Leaving the pictures aside, transcribe every line below exactly.
'''
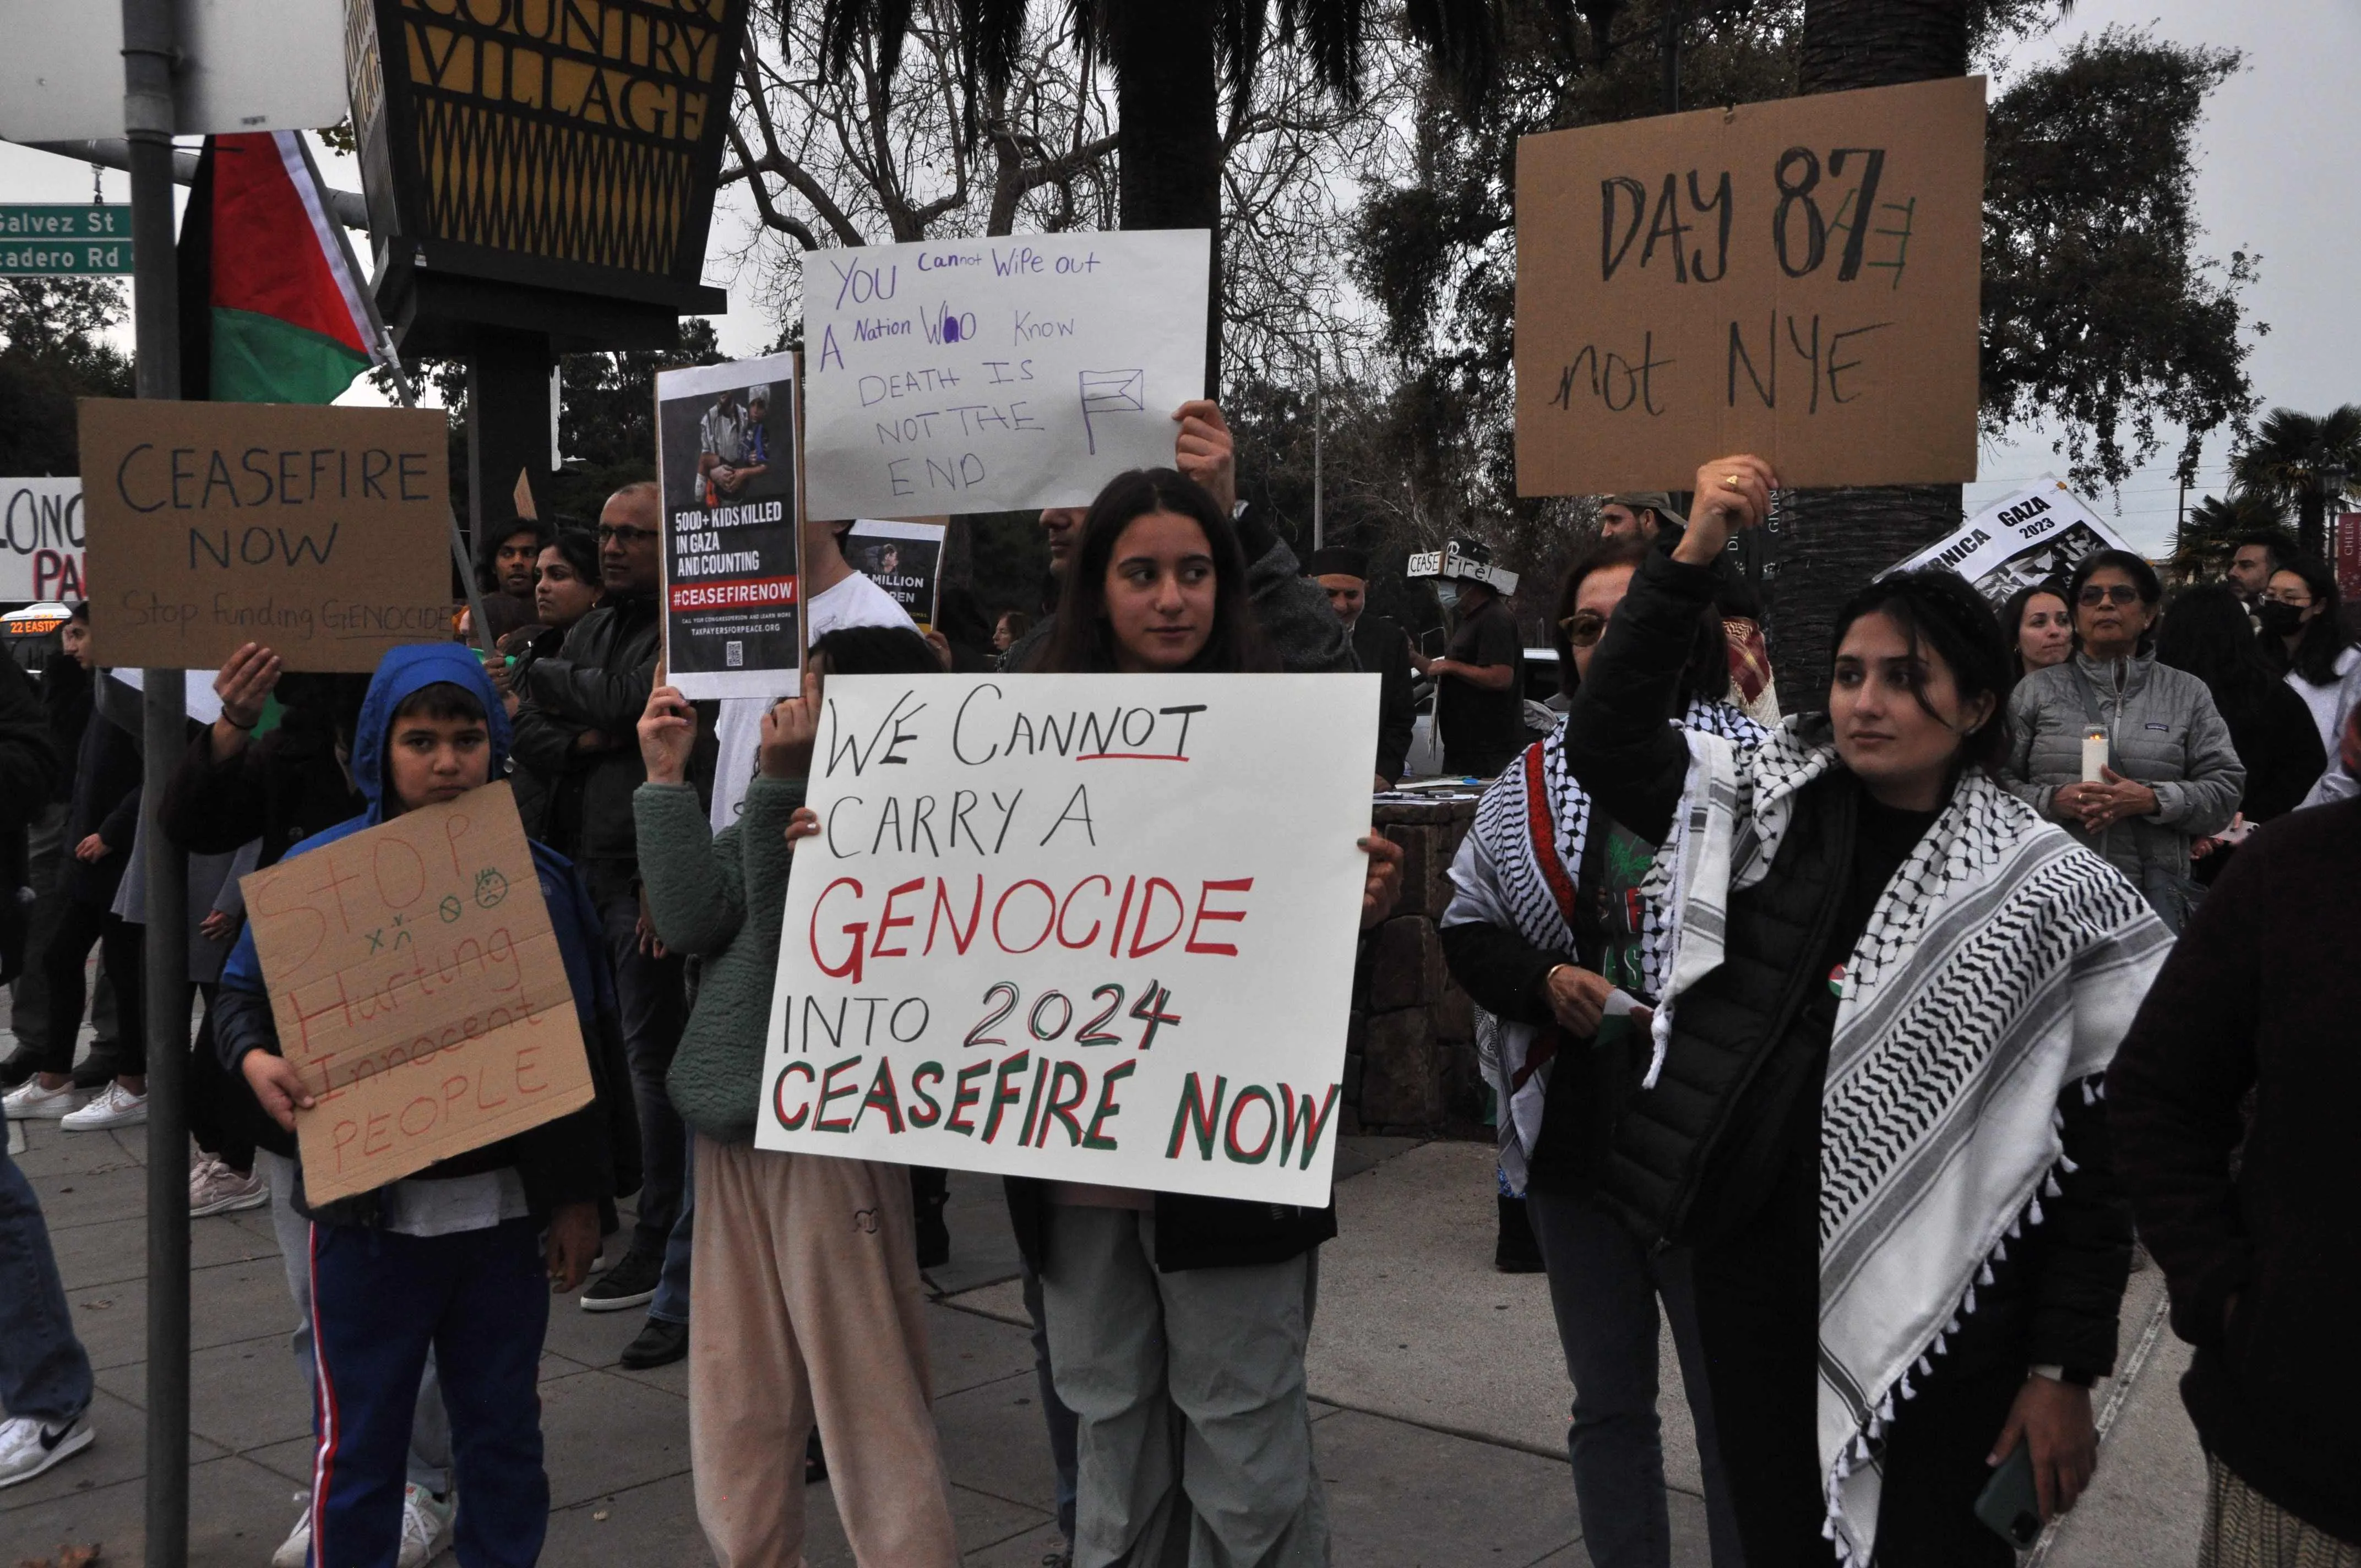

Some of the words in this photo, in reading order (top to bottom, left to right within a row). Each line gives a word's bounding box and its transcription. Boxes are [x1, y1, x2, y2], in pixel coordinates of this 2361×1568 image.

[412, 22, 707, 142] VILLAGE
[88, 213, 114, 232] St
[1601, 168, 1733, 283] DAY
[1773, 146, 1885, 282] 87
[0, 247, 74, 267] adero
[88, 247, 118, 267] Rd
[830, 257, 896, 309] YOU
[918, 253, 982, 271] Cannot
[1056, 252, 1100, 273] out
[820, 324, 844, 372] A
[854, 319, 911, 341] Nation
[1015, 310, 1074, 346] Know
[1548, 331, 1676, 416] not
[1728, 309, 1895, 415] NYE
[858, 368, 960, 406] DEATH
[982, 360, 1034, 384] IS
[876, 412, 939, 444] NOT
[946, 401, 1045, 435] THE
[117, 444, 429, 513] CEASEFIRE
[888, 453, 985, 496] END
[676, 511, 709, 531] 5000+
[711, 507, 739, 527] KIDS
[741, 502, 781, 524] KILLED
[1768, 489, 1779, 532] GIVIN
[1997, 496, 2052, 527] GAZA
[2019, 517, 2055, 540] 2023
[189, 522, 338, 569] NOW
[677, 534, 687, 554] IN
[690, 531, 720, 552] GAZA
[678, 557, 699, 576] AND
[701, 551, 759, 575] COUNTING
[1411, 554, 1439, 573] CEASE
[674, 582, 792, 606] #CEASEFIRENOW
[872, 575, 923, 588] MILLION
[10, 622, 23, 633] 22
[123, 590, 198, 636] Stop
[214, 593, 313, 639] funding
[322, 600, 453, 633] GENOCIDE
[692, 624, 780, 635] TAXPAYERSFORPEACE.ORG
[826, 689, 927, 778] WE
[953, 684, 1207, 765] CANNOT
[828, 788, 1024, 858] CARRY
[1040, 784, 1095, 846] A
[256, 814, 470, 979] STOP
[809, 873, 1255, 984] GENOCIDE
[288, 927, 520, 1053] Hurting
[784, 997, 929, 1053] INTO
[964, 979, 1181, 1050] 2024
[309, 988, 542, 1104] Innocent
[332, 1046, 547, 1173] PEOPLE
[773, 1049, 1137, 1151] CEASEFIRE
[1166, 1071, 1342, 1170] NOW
'''
* **WORKED SOLUTION**:
Some of the words in this photo, in reading order (top to bottom, left to right within a row). Each line gives a word's bounding box and its transcription. Boxes are [x1, y1, x2, y2], in pixel coordinates of this 2361×1568 image.

[412, 22, 707, 142] VILLAGE
[88, 213, 114, 232] St
[1601, 168, 1733, 283] DAY
[1773, 146, 1885, 282] 87
[0, 247, 74, 267] adero
[88, 247, 118, 267] Rd
[830, 257, 896, 309] YOU
[918, 253, 982, 271] Cannot
[1056, 252, 1100, 273] out
[820, 324, 844, 372] A
[854, 319, 911, 341] Nation
[1015, 310, 1074, 346] Know
[1548, 331, 1676, 416] not
[1728, 309, 1895, 415] NYE
[858, 368, 960, 406] DEATH
[982, 360, 1034, 384] IS
[876, 412, 939, 444] NOT
[946, 401, 1045, 435] THE
[117, 444, 429, 513] CEASEFIRE
[888, 453, 985, 496] END
[676, 511, 709, 531] 5000+
[711, 507, 739, 527] KIDS
[741, 502, 781, 524] KILLED
[1768, 489, 1779, 532] GIVIN
[1997, 496, 2052, 527] GAZA
[2019, 517, 2055, 540] 2023
[189, 522, 338, 569] NOW
[677, 534, 687, 554] IN
[690, 531, 720, 552] GAZA
[678, 557, 699, 576] AND
[701, 551, 759, 575] COUNTING
[1411, 554, 1439, 573] CEASE
[674, 582, 792, 606] #CEASEFIRENOW
[872, 575, 923, 588] MILLION
[10, 622, 23, 633] 22
[123, 590, 198, 636] Stop
[214, 593, 313, 639] funding
[322, 600, 453, 633] GENOCIDE
[692, 624, 780, 635] TAXPAYERSFORPEACE.ORG
[826, 689, 927, 778] WE
[953, 684, 1207, 765] CANNOT
[828, 788, 1024, 858] CARRY
[1040, 784, 1095, 846] A
[256, 814, 470, 979] STOP
[809, 873, 1255, 984] GENOCIDE
[288, 927, 520, 1053] Hurting
[784, 997, 929, 1053] INTO
[964, 979, 1181, 1050] 2024
[309, 988, 542, 1104] Innocent
[332, 1046, 547, 1173] PEOPLE
[773, 1049, 1137, 1151] CEASEFIRE
[1166, 1071, 1342, 1170] NOW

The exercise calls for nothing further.